**What this task involves**
Render every entry exactly as it appears.

Data extracted from a collection
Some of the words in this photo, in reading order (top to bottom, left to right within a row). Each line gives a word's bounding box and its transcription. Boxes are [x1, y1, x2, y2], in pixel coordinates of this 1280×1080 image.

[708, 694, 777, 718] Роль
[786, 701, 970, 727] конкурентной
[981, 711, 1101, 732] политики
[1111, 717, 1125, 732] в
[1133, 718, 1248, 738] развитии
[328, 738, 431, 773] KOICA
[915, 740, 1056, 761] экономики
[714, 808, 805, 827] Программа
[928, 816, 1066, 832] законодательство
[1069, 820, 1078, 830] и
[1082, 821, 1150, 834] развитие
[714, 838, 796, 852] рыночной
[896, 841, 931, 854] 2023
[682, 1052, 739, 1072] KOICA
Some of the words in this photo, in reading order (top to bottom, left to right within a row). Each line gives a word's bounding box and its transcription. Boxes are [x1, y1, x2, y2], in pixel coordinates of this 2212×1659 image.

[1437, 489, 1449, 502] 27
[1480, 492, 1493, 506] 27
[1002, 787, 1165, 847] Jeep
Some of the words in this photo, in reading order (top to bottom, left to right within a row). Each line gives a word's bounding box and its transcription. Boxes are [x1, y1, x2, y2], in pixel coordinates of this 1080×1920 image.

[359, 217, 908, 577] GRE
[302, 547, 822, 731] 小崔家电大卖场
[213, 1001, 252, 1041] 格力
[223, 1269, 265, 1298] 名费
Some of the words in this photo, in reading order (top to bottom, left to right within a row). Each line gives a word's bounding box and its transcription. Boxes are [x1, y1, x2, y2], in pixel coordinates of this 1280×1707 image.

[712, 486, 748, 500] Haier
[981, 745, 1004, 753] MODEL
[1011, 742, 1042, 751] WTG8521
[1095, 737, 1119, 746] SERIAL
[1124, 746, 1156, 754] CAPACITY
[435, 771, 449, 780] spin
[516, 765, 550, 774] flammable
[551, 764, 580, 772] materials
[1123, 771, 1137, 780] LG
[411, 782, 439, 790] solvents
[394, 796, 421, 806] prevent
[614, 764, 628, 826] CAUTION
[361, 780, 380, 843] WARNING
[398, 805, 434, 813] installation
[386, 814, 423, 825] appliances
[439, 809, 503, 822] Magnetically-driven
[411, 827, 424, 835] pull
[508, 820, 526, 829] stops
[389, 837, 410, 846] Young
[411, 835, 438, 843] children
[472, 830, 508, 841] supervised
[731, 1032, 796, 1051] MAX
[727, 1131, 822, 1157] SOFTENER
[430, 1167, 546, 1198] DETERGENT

**Written answer**
Some of the words in this photo, in reading order (top to bottom, left to right within a row). Each line gives a word's bounding box and its transcription. Boxes are [x1, y1, x2, y2], in pixel coordinates of this 1280×1080 image.

[708, 694, 777, 718] Роль
[786, 701, 970, 727] конкурентной
[981, 711, 1101, 732] политики
[1111, 717, 1125, 732] в
[1133, 718, 1248, 738] развитии
[328, 738, 431, 773] KOICA
[915, 740, 1056, 761] экономики
[714, 808, 805, 827] Программа
[928, 816, 1066, 832] законодательство
[1069, 820, 1078, 830] и
[1082, 821, 1150, 834] развитие
[714, 838, 796, 852] рыночной
[896, 841, 931, 854] 2023
[682, 1052, 739, 1072] KOICA
Some of the words in this photo, in reading order (top to bottom, left to right within a row). Each line gives a word's bounding box and its transcription. Boxes are [x1, y1, x2, y2], in pixel coordinates of this 2212×1659 image.

[1437, 489, 1449, 502] 27
[1480, 492, 1493, 506] 27
[1002, 787, 1165, 847] Jeep
Some of the words in this photo, in reading order (top to bottom, left to right within a row). Each line gives a word's bounding box and its transcription. Boxes are [x1, y1, x2, y2], in pixel coordinates of this 1080×1920 image.

[359, 217, 908, 577] GRE
[302, 547, 822, 731] 小崔家电大卖场
[213, 1001, 252, 1041] 格力
[223, 1269, 265, 1298] 名费
Some of the words in this photo, in reading order (top to bottom, left to right within a row). Each line gives a word's bounding box and its transcription. Boxes are [x1, y1, x2, y2], in pixel coordinates of this 1280×1707 image.

[712, 486, 748, 500] Haier
[981, 745, 1004, 753] MODEL
[1011, 742, 1042, 751] WTG8521
[1095, 737, 1119, 746] SERIAL
[1124, 746, 1156, 754] CAPACITY
[435, 771, 449, 780] spin
[516, 765, 550, 774] flammable
[551, 764, 580, 772] materials
[1123, 771, 1137, 780] LG
[411, 782, 439, 790] solvents
[394, 796, 421, 806] prevent
[614, 764, 628, 826] CAUTION
[361, 780, 380, 843] WARNING
[398, 805, 434, 813] installation
[386, 814, 423, 825] appliances
[439, 809, 503, 822] Magnetically-driven
[411, 827, 424, 835] pull
[508, 820, 526, 829] stops
[389, 837, 410, 846] Young
[411, 835, 438, 843] children
[472, 830, 508, 841] supervised
[731, 1032, 796, 1051] MAX
[727, 1131, 822, 1157] SOFTENER
[430, 1167, 546, 1198] DETERGENT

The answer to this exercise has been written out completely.